A/N: For the 20 Years at Sea event over on Tumblr, Day 11: Backstory (cross-posted). Zoro doesn't care about anyone's story, nope he really doesn't.
Straw-Hat History
Zoro had been the first member of the crew, he had been there to at least glimpse how the others had joined. Had been there to vaguely get the rundown of their stories, their reasons for their dreams, why Luffy chose them. Even if he didn't care to know or listen too closely.
He had listened sleepily when it had only been the two of them in their little skiff when his then new captain had rambled about the reason and person behind his dream to be Pirate King. But all that had really mattered to the older man at the was that his captain understood having a dream that was so big that other people didn't understand.
Zoro wasn't a very talkative man, hadn't ever felt the need to fill the silence with needless words. Even so, if one of the crew had ever asked the why behind his dream even half seriously, he will tell them about Kuina, about the promise and the sword and all the training he had put himself through. But as of yet, none of them had. Not that he cared.
Zoro had also been there, off to the side, when the woman who identified herself as Nami's sister had told the violent history that had explained the sharp edges he had seen in the navigator's eyes. He had sat half asleep, still listening even if the others hadn't truly cared the reason behind the need for them to deal with the fishmen to get their navigator back. All he had cared for at the time was that his Captain had decided that that was what Nami was theirs and that was what they needed to do.
Usopp had never hidden anything of his true story, as long as the person was willing to shift through the lies and exaggerations in his stories. The long-nose's story was the one that Zoro had heard the most, shared as it was often, and loudly, across the deck of the Straw-Hat's ships while the swordsman trains or naps.
The Curly-brows story was the most mysterious one to the green haired man (maybe only a little bit more so than Luffy's, and only because the rubberman had tended to babble into the silence in the beginning). All he had put together was that it had something to do with the old one-legged chef, hunger and food. Not that he cared or anything.

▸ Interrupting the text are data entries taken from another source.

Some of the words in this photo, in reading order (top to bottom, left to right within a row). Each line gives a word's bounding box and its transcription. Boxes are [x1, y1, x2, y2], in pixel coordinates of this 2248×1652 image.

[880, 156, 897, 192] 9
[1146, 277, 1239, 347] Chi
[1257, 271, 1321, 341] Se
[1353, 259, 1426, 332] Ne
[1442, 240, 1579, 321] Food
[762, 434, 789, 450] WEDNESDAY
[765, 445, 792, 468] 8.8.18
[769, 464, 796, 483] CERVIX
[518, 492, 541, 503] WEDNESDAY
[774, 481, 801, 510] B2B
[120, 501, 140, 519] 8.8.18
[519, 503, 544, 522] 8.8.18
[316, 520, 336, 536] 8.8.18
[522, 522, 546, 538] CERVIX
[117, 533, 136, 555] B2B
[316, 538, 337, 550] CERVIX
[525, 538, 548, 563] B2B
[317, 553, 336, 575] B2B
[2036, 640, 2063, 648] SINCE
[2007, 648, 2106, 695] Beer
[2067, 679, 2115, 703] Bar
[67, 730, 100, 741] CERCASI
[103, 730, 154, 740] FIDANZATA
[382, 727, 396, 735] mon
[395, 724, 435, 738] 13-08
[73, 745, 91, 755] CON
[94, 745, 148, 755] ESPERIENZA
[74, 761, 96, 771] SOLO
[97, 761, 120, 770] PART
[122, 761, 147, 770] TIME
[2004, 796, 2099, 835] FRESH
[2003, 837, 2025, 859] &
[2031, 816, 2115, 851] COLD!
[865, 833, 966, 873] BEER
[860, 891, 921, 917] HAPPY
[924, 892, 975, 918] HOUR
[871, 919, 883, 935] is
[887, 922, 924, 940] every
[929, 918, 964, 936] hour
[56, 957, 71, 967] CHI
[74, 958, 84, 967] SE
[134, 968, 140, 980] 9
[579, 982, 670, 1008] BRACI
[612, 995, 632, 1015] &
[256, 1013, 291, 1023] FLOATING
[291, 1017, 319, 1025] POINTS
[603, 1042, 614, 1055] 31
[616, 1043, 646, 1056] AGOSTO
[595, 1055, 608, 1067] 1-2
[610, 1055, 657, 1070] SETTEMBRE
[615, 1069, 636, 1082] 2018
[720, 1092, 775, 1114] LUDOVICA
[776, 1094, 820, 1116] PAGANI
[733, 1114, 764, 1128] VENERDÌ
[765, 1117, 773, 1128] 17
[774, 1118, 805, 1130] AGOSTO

Little Chopper's full story was the one that Zoro hadn't been close enough to hear at the island, but the reindeer wore his insecurity in his stance with strangers, his history in his need to be a good doctor. In his tears at the pink snow that had fallen as they left Drum, and his breathing "sakura" and babbling about his home now being able to heal. Not that Zoro had been attempting to listen too closely at the time.

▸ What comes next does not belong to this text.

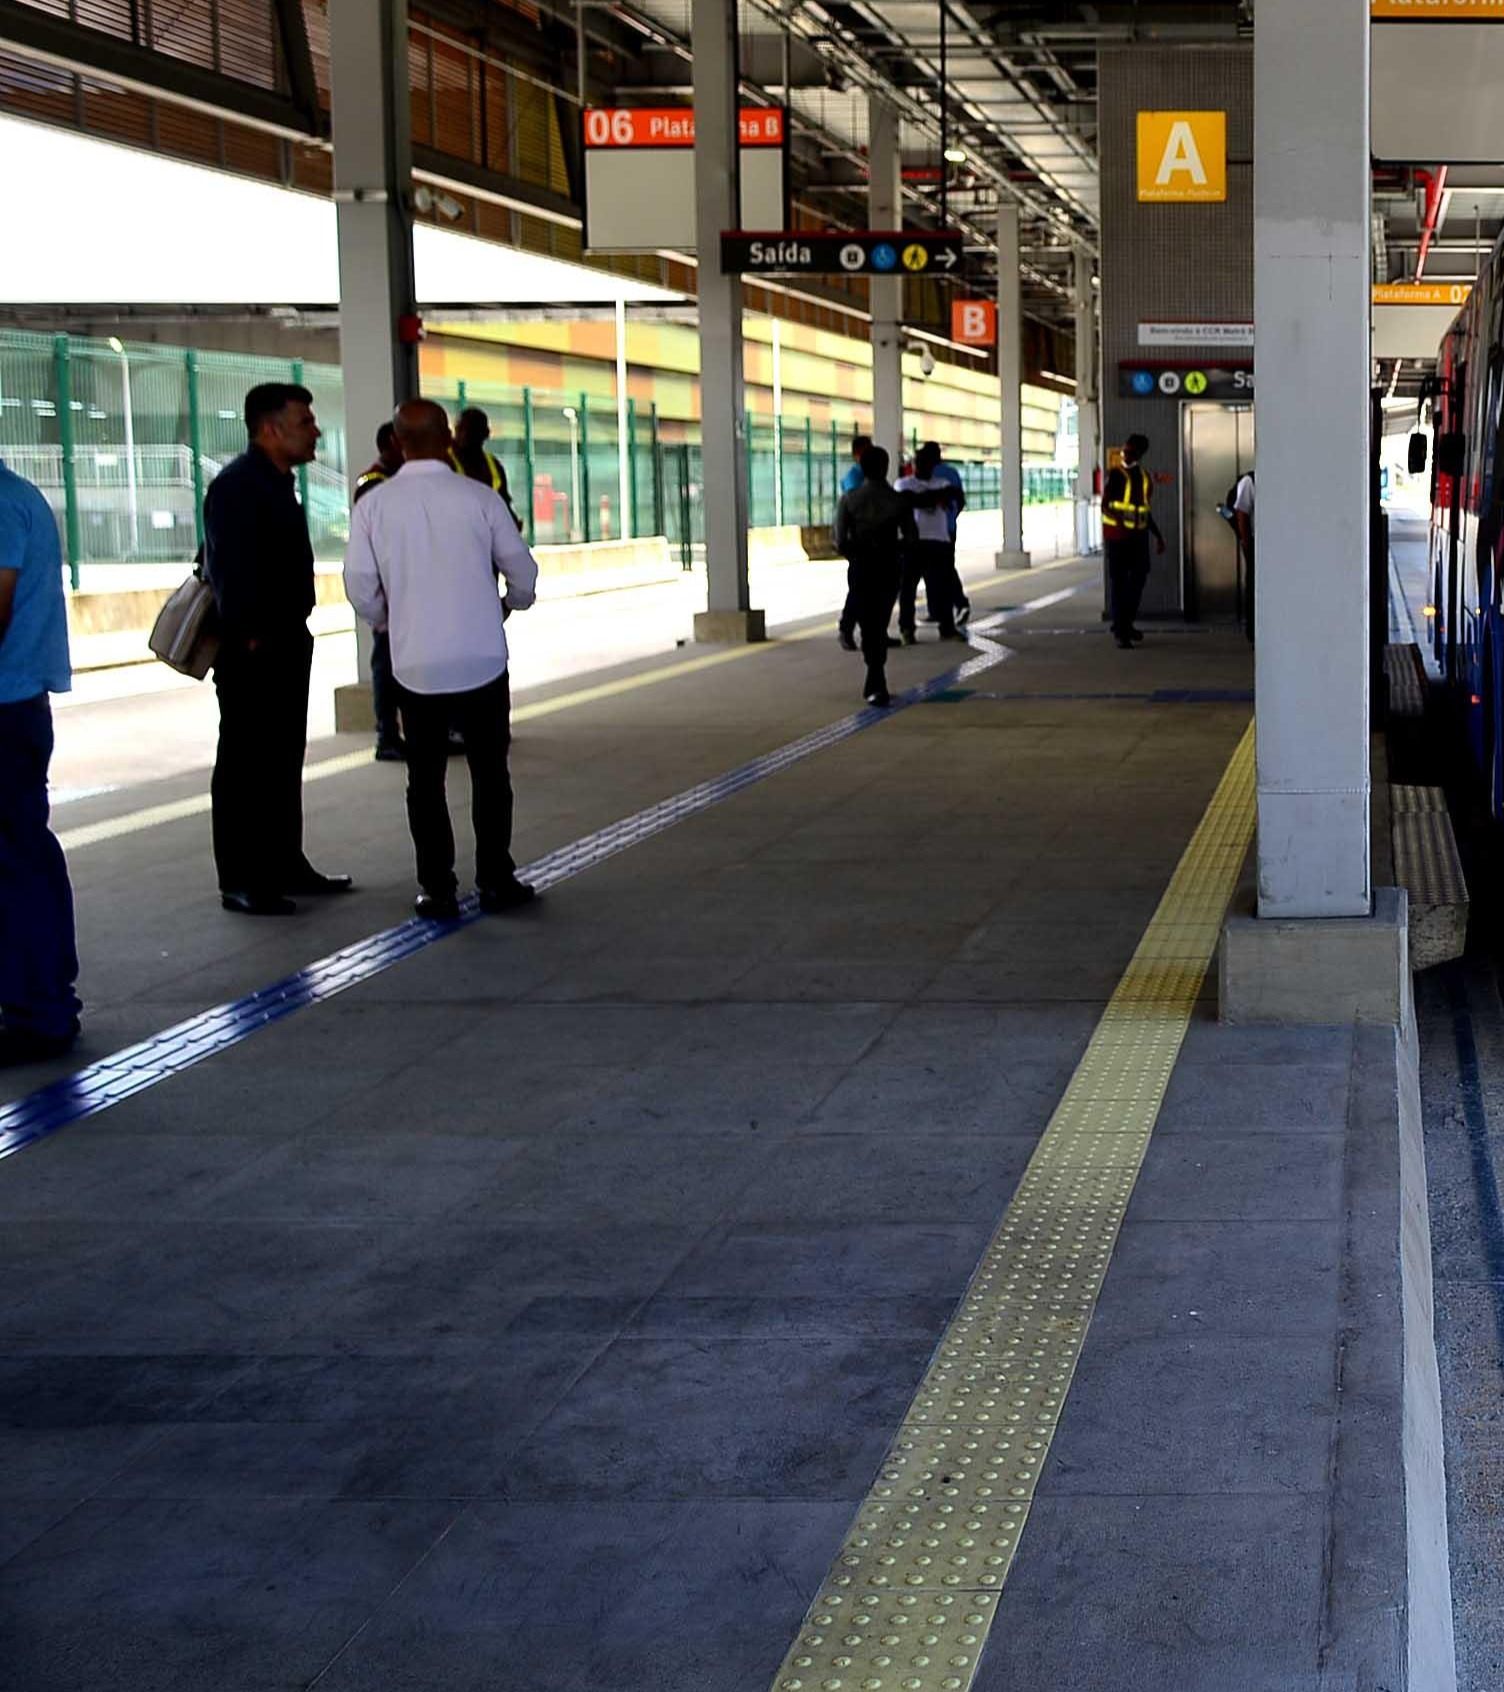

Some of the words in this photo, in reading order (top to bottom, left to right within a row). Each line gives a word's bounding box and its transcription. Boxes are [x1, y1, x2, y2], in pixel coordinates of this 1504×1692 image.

Robin's story had practically been yelled at them over the gap between where the crew had stood and she had been held hostage. Zoro would have had to be deaf to not hear to not be able to put together what the Government man was saying and the sadness and distance the woman had held in her eyes when he bothered to look.

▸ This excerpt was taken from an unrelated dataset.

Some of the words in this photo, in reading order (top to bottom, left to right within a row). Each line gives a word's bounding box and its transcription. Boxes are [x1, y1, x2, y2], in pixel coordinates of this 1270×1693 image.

Franky's had been quietly given, in pieces, by Iceburg, by members of the "Franky Family" and even by Franky himself. By that point, in Water 7, Zoro had given up trying to avoid the stories of his crew mates, resigned to hearing them despite his lack of care for such things.
Brook's had been given quietly, sitting beside the lazy swordsman while he held his usual night watch. The skeleton had quietly played his violin as he spoke, almost singing, telling it like the bards he had occasionally heard tell their stories, before. Zoro was a night owl, more happy to be awake under the stars than with the sun, and if his new nakama needed to let his story free, he will willingly listen.